Oslo Center for Biostatistics and Epidemiology, UiO, University of Oslo, Oslo, Norway.
Department of Community Medicine, UiT, The Arctic University of Norway, Tromsö, Norway.
BMC Bioinformatics. 2021 Aug 5;22(1):395. doi: 10.1186/s12859-021-04296-0.
Cancer genomic studies often include data collected from several omics platforms. Each omics data source contributes to the understanding of the underlying biological process via source specific ("individual") patterns of variability. At the same time, statistical associations and potential interactions among the different data sources can reveal signals from common biological processes that might not be identified by single source analyses. These common patterns of variability are referred to as "shared" or "joint". In this work, we show how the use of joint and individual components can lead to better predictive models, and to a deeper understanding of the biological process at hand. We identify joint and individual contributions of DNA methylation, miRNA and mRNA expression collected from blood samples in a lung cancer case-control study nested within the Norwegian Women and Cancer (NOWAC) cohort study, and we use such components to build prediction models for case-control and metastatic status. To assess the quality of predictions, we compare models based on simultaneous, integrative analysis of multi-source omics data to a standard non-integrative analysis of each single omics dataset, and to penalized regression models. Additionally, we apply the proposed approach to a breast cancer dataset from The Cancer Genome Atlas.

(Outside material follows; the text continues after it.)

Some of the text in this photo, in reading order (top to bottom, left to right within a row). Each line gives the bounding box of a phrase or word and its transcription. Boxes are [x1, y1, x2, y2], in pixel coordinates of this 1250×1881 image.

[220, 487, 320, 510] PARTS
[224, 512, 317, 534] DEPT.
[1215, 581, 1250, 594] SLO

Our results show how an integrative analysis that preserves both components of variation is more appropriate than standard multi-omics analyses that are not based on such a distinction. Both joint and individual components are shown to contribute to a better quality of model predictions, and facilitate the interpretation of the underlying biological processes in lung cancer development.
In the presence of multiple omics data sources, we recommend the use of data integration techniques that preserve the joint and individual components across the omics sources. We show how the inclusion of such components increases the quality of model predictions of clinical outcomes.

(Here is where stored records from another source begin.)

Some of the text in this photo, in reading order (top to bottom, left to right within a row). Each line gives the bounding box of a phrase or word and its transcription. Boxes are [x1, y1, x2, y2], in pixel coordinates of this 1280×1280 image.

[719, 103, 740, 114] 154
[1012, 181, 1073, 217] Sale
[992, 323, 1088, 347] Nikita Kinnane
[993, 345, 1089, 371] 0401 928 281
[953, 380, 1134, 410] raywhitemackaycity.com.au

癌症基因组研究通常包括从多个组学平台收集的数据。每个组学数据源通过特定于源的(“个体”)可变性模式为理解潜在的生物学过程做出贡献。同时,不同数据源之间的统计关联和潜在相互作用可以揭示可能无法通过单源分析识别的常见生物学过程的信号。这些共同的可变性模式被称为“共享”或“联合”。在这项工作中,我们展示了如何使用联合和个体成分来构建更好的预测模型,并深入了解手头的生物学过程。我们确定了在嵌套于挪威妇女与癌症(NOWAC)队列研究中的肺癌病例对照研究中从血液样本中收集的 DNA 甲基化、miRNA 和 mRNA 表达的联合和个体贡献,并使用这些成分构建病例对照和转移状态的预测模型。为了评估预测的质量,我们将基于多组学数据的同时、综合分析的模型与每个单组学数据集的非综合分析以及惩罚回归模型进行比较。此外,我们将提出的方法应用于来自癌症基因组图谱的乳腺癌数据集。
我们的结果表明,与不基于这种区别的标准多组学分析相比,保留变异的两个成分的综合分析更合适。联合和个体成分都被证明有助于提高模型预测的质量,并促进对肺癌发展中潜在生物学过程的解释。
在存在多个组学数据源的情况下,我们建议使用保留组学源之间联合和个体成分的数据集成技术。我们展示了包含这些成分如何提高临床结果模型预测的质量。